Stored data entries
* * * * * * * * *
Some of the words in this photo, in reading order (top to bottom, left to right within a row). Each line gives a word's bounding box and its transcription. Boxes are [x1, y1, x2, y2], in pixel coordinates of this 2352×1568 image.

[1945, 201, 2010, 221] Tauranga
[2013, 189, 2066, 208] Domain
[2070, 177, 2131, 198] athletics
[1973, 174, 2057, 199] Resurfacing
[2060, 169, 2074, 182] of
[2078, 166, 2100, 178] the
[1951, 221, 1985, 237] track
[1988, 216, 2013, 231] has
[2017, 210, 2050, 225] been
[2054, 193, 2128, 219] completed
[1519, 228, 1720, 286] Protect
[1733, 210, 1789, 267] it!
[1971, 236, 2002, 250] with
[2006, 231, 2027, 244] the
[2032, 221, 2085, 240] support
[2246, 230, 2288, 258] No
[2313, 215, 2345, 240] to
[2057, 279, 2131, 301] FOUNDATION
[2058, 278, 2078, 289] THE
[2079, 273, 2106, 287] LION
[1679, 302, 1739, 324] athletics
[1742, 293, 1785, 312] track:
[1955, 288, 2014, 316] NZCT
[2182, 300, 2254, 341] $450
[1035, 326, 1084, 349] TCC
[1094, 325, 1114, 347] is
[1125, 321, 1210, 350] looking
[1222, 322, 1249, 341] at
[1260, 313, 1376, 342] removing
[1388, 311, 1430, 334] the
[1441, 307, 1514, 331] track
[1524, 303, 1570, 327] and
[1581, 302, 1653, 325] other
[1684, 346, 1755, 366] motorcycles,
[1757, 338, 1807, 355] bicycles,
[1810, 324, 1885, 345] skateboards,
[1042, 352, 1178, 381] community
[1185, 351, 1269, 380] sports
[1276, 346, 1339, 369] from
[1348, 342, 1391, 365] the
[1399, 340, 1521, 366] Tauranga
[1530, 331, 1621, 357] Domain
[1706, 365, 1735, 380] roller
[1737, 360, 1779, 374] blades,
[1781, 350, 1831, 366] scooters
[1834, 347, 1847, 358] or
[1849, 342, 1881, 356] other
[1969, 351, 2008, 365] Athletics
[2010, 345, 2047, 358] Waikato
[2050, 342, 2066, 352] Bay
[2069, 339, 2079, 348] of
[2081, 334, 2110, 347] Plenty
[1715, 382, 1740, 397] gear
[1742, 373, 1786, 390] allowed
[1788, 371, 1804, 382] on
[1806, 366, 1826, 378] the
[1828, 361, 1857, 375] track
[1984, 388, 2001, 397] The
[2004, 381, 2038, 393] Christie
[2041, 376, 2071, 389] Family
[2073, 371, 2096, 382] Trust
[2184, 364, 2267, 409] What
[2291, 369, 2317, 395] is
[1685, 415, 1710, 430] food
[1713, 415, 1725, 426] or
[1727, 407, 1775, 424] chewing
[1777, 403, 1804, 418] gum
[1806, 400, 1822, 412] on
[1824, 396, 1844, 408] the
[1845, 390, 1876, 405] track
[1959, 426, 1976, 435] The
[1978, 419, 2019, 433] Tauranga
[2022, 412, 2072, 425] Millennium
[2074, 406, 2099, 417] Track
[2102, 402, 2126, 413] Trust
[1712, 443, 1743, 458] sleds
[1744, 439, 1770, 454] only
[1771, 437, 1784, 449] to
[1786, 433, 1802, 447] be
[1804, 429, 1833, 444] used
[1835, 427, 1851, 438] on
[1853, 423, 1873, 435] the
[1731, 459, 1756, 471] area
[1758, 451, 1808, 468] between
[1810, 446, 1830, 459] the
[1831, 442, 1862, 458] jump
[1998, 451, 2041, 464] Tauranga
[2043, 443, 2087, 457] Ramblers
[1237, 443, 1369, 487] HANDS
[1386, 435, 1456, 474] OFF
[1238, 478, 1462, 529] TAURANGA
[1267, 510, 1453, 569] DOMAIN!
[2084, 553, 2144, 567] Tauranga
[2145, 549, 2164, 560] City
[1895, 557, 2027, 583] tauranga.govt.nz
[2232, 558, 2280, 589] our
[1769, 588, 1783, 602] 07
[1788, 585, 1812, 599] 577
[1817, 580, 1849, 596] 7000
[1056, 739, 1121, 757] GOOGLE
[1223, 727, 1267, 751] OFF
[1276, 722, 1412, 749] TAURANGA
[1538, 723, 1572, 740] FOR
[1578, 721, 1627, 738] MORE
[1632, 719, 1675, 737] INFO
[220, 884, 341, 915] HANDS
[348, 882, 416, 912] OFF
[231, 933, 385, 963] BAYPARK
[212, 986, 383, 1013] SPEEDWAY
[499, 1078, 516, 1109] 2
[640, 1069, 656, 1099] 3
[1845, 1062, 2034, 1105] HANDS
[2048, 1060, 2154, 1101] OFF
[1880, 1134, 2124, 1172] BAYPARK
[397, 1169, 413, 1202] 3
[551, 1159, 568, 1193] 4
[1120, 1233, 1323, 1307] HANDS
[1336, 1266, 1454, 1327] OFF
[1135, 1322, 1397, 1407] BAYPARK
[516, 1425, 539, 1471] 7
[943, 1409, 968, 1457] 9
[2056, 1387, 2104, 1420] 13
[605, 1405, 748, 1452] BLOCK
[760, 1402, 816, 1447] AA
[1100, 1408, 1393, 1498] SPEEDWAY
* * * * * * * * *
ACTIVITY:
Line by line, output the data precisely as shown above.

REPLY TO THE EXERCISE:
Some of the words in this photo, in reading order (top to bottom, left to right within a row). Each line gives a word's bounding box and its transcription. Boxes are [x1, y1, x2, y2], in pixel coordinates of this 2352×1568 image.

[1945, 201, 2010, 221] Tauranga
[2013, 189, 2066, 208] Domain
[2070, 177, 2131, 198] athletics
[1973, 174, 2057, 199] Resurfacing
[2060, 169, 2074, 182] of
[2078, 166, 2100, 178] the
[1951, 221, 1985, 237] track
[1988, 216, 2013, 231] has
[2017, 210, 2050, 225] been
[2054, 193, 2128, 219] completed
[1519, 228, 1720, 286] Protect
[1733, 210, 1789, 267] it!
[1971, 236, 2002, 250] with
[2006, 231, 2027, 244] the
[2032, 221, 2085, 240] support
[2246, 230, 2288, 258] No
[2313, 215, 2345, 240] to
[2057, 279, 2131, 301] FOUNDATION
[2058, 278, 2078, 289] THE
[2079, 273, 2106, 287] LION
[1679, 302, 1739, 324] athletics
[1742, 293, 1785, 312] track:
[1955, 288, 2014, 316] NZCT
[2182, 300, 2254, 341] $450
[1035, 326, 1084, 349] TCC
[1094, 325, 1114, 347] is
[1125, 321, 1210, 350] looking
[1222, 322, 1249, 341] at
[1260, 313, 1376, 342] removing
[1388, 311, 1430, 334] the
[1441, 307, 1514, 331] track
[1524, 303, 1570, 327] and
[1581, 302, 1653, 325] other
[1684, 346, 1755, 366] motorcycles,
[1757, 338, 1807, 355] bicycles,
[1810, 324, 1885, 345] skateboards,
[1042, 352, 1178, 381] community
[1185, 351, 1269, 380] sports
[1276, 346, 1339, 369] from
[1348, 342, 1391, 365] the
[1399, 340, 1521, 366] Tauranga
[1530, 331, 1621, 357] Domain
[1706, 365, 1735, 380] roller
[1737, 360, 1779, 374] blades,
[1781, 350, 1831, 366] scooters
[1834, 347, 1847, 358] or
[1849, 342, 1881, 356] other
[1969, 351, 2008, 365] Athletics
[2010, 345, 2047, 358] Waikato
[2050, 342, 2066, 352] Bay
[2069, 339, 2079, 348] of
[2081, 334, 2110, 347] Plenty
[1715, 382, 1740, 397] gear
[1742, 373, 1786, 390] allowed
[1788, 371, 1804, 382] on
[1806, 366, 1826, 378] the
[1828, 361, 1857, 375] track
[1984, 388, 2001, 397] The
[2004, 381, 2038, 393] Christie
[2041, 376, 2071, 389] Family
[2073, 371, 2096, 382] Trust
[2184, 364, 2267, 409] What
[2291, 369, 2317, 395] is
[1685, 415, 1710, 430] food
[1713, 415, 1725, 426] or
[1727, 407, 1775, 424] chewing
[1777, 403, 1804, 418] gum
[1806, 400, 1822, 412] on
[1824, 396, 1844, 408] the
[1845, 390, 1876, 405] track
[1959, 426, 1976, 435] The
[1978, 419, 2019, 433] Tauranga
[2022, 412, 2072, 425] Millennium
[2074, 406, 2099, 417] Track
[2102, 402, 2126, 413] Trust
[1712, 443, 1743, 458] sleds
[1744, 439, 1770, 454] only
[1771, 437, 1784, 449] to
[1786, 433, 1802, 447] be
[1804, 429, 1833, 444] used
[1835, 427, 1851, 438] on
[1853, 423, 1873, 435] the
[1731, 459, 1756, 471] area
[1758, 451, 1808, 468] between
[1810, 446, 1830, 459] the
[1831, 442, 1862, 458] jump
[1998, 451, 2041, 464] Tauranga
[2043, 443, 2087, 457] Ramblers
[1237, 443, 1369, 487] HANDS
[1386, 435, 1456, 474] OFF
[1238, 478, 1462, 529] TAURANGA
[1267, 510, 1453, 569] DOMAIN!
[2084, 553, 2144, 567] Tauranga
[2145, 549, 2164, 560] City
[1895, 557, 2027, 583] tauranga.govt.nz
[2232, 558, 2280, 589] our
[1769, 588, 1783, 602] 07
[1788, 585, 1812, 599] 577
[1817, 580, 1849, 596] 7000
[1056, 739, 1121, 757] GOOGLE
[1223, 727, 1267, 751] OFF
[1276, 722, 1412, 749] TAURANGA
[1538, 723, 1572, 740] FOR
[1578, 721, 1627, 738] MORE
[1632, 719, 1675, 737] INFO
[220, 884, 341, 915] HANDS
[348, 882, 416, 912] OFF
[231, 933, 385, 963] BAYPARK
[212, 986, 383, 1013] SPEEDWAY
[499, 1078, 516, 1109] 2
[640, 1069, 656, 1099] 3
[1845, 1062, 2034, 1105] HANDS
[2048, 1060, 2154, 1101] OFF
[1880, 1134, 2124, 1172] BAYPARK
[397, 1169, 413, 1202] 3
[551, 1159, 568, 1193] 4
[1120, 1233, 1323, 1307] HANDS
[1336, 1266, 1454, 1327] OFF
[1135, 1322, 1397, 1407] BAYPARK
[516, 1425, 539, 1471] 7
[943, 1409, 968, 1457] 9
[2056, 1387, 2104, 1420] 13
[605, 1405, 748, 1452] BLOCK
[760, 1402, 816, 1447] AA
[1100, 1408, 1393, 1498] SPEEDWAY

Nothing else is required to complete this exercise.